Outside the mansion is a piece of a brick wall with a barred window. It was part of the Duane Sugar House that stood on the site of One Police Plaza. The Van Cortlandts made their wealth from sugar, among other crops. During the American Revolution, that building was used by the British as a prison. After the old building was demolished in 1892, one of its windows was kept on site and later incorporated into the NYPD headquarters, while another window was installed in the yard of the Van Cortlandt mansion in 1903 as a memorial to the imprisoned patriots.

Above the windows facing south, alongside the main entrance are a set of grotesques. Unlike gargoyles, which are based on animals, grotesques are disfigured likenesses of humans. As an alumnus of CCNY, I’ve seen plenty of them on that historic campus.

Also on the southern side of the mansion is a millstone embedded into the pavings. This mill stood at the outflow of Van Cortlandt Lake. It reminded me of a similar situation at Queens Plaza, where a millstone was encased in concrete, and later became the centerpiece of a park, Dutch Kills Green.

Returning to the basement, I walked into a room full of tools relating to cooking. This is where food was prepared for the Van Cortlandt family, their guests, servants, and slaves. I can imagine the house in colonial times as a hub of activities. It was a residence, farm, and stop on the road between New York and Albany. Concerning forced labor, in recent years the mansion and the Parks Department installed signs and renamed places around the city to commemorate the roles of Black individuals in the city’s history. Van Cortlandt Lake, a millpond built by slave labor, was renamed Hester and Piero’s Mill Pond in 2021, in honor of one slave couple that worked on the manor.
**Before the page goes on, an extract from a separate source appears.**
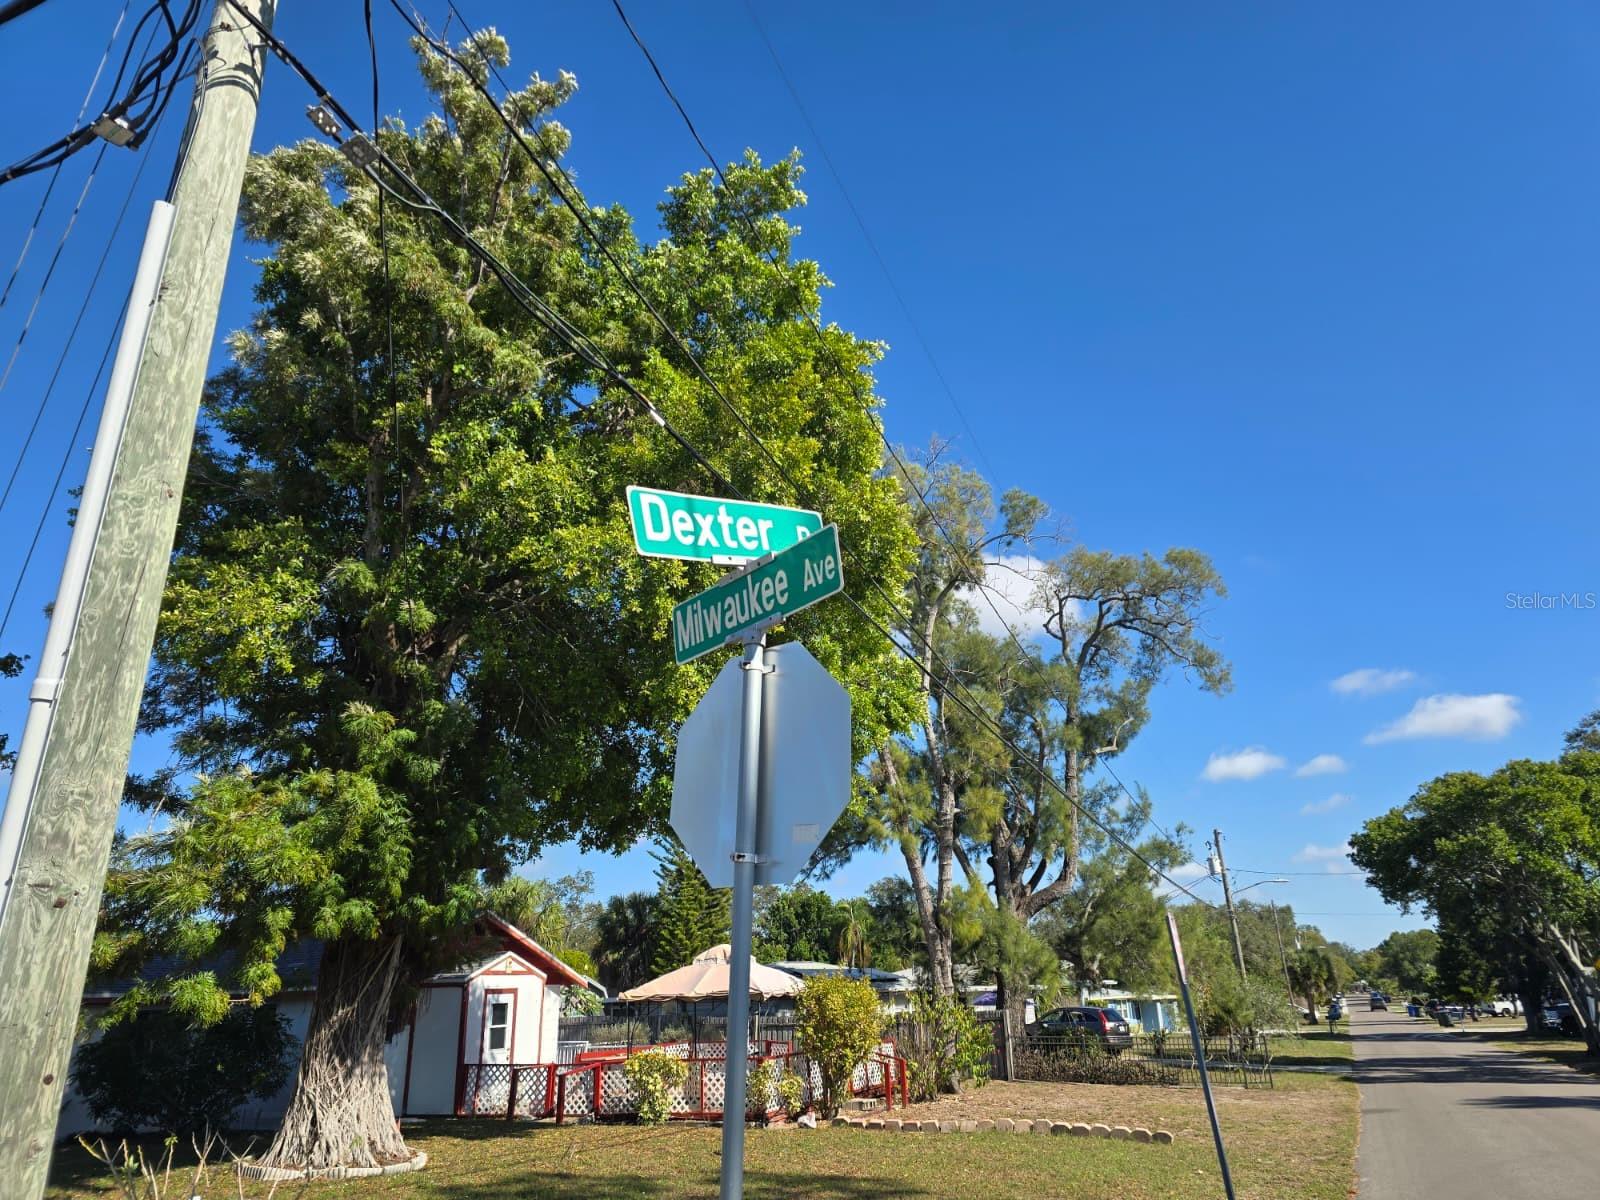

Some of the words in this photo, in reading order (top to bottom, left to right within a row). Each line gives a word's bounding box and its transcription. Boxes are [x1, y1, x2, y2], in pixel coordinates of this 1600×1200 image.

Being the “hidden waters” historian, I appreciated a sign mentioning Tibbett’s Brook, the stream that flowed to the south of this house that was partially channeled into a sewer. There is a campaign to have it daylighted and flowing in the open again to the Harlem River.

Speaking of urban streams, the map of 18th-century Amsterdam on the wall fascinated me. How many of those canals are still there today? Does the Dutch capital have its version of Forgotten New York?
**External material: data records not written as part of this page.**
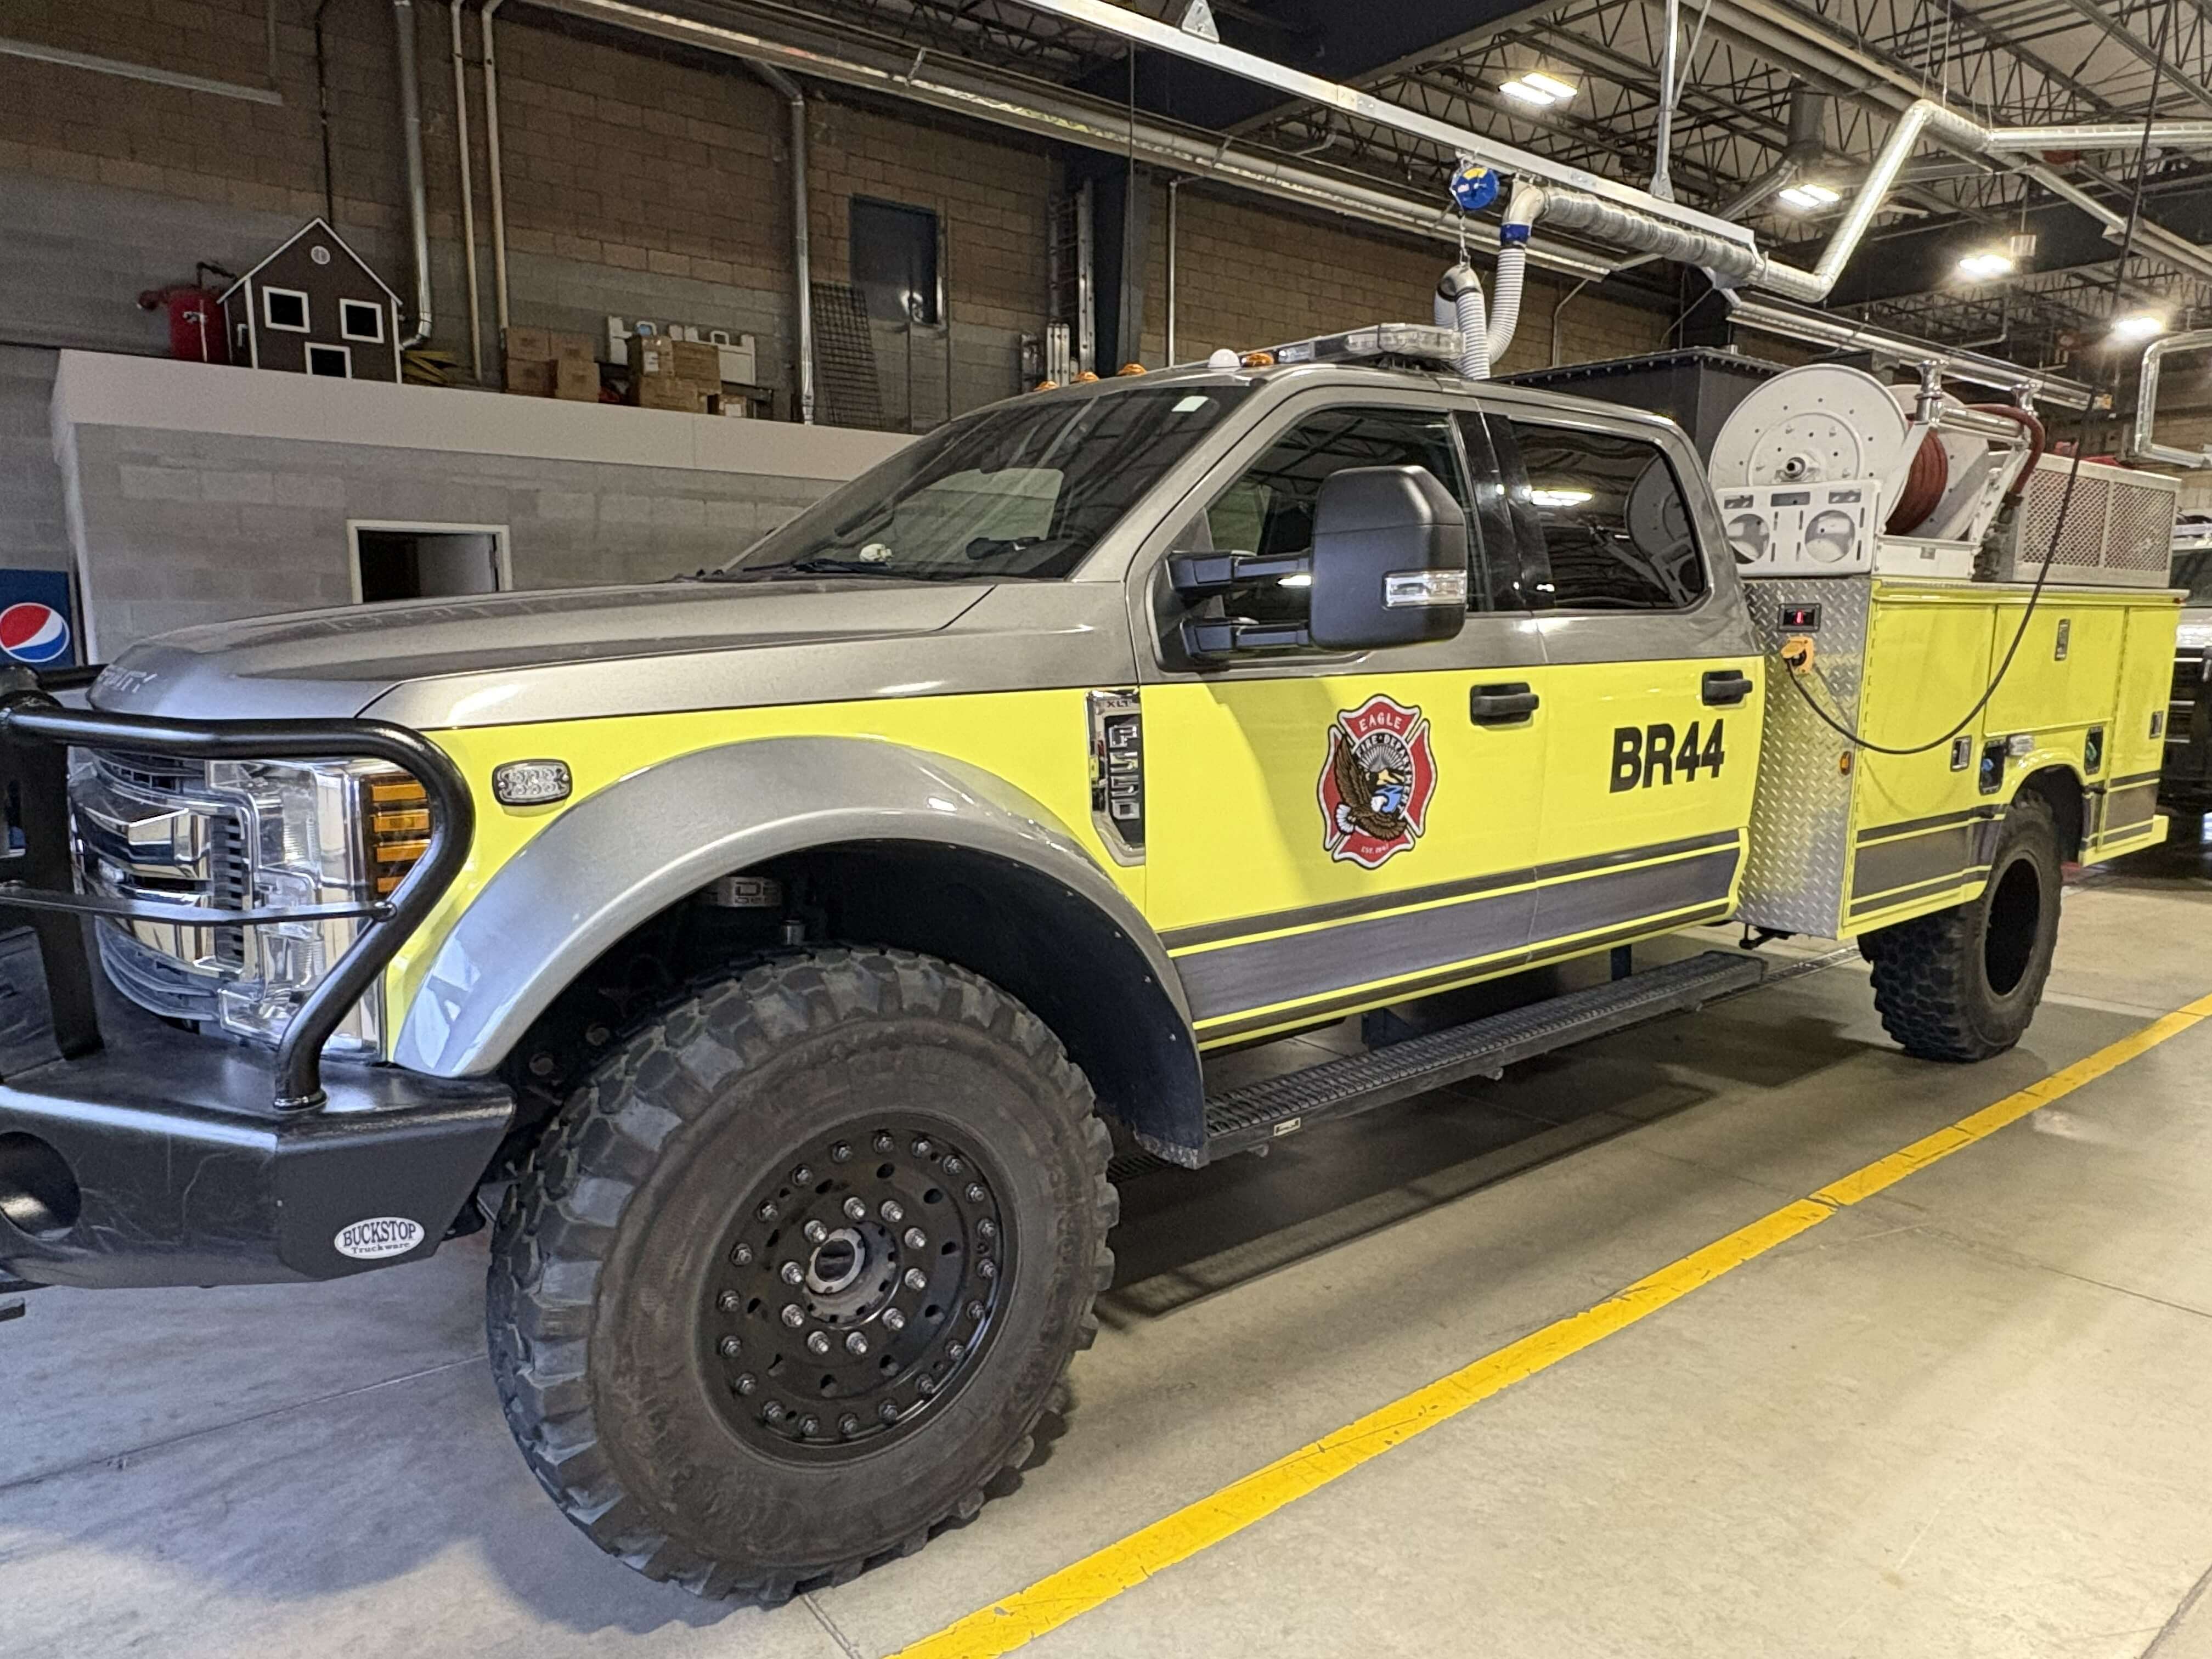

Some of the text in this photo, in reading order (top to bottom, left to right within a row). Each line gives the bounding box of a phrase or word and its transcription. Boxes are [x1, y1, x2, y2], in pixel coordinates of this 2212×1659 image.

[1107, 700, 1128, 708] XLT
[1358, 712, 1403, 732] EAGLE
[1609, 718, 1725, 794] BR44
[1356, 733, 1413, 814] FIRE DEPARTMENT
[343, 1220, 416, 1247] BUCKSTOP
On the top floor, a door opens into an attic where the walls are not painted and there is no heating. Until recently, this was a storage space unworthy of public attention. With attention given to the slaves who made this farm profitable, the attic was restored to its likely purpose during the colonial period: the slaves’ room.

Never having visited a prison, concentration camp, or a southern plantation, this was my first experience seeing how people lived in captivity. The beds look like shelves with sheets on them. There are no windows. Looking up at the roof, there’s no insulation. Meanwhile every other room in this mansion: bedrooms, parlor rooms, kitchen, had fireplaces. It must have been a horrific experience.
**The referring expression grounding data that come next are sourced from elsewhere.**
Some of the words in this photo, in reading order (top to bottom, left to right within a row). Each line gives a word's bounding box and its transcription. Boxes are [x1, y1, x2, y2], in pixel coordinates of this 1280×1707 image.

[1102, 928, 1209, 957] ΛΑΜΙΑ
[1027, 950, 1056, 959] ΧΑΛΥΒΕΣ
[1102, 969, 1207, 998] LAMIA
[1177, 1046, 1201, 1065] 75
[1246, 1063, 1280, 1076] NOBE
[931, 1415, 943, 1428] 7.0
As Central Park had Seneca Village, Van Cortlandt Park has a slave cemetery near the mansion. But did anyone try to flee from the manor? In the summer of 1733, Andrew Saxton fled from Jacobus Van Cortlandt, who then advertised for his capture in the New-York Gazette. The master was affiliated with the Dutch Reformed Church, but Saxton professed himself a Roman Catholic. Before other freedoms were granted by law, religion was the first to be recognized. Many of New York’s early slaves were taken from Africa by Spanish and Portuguese traders, and baptized in the Catholic faith, before they were sold on Wall Street to local merchants. We do not know if Andrew Saxton was captured or escaped successfully into the anonymity of history.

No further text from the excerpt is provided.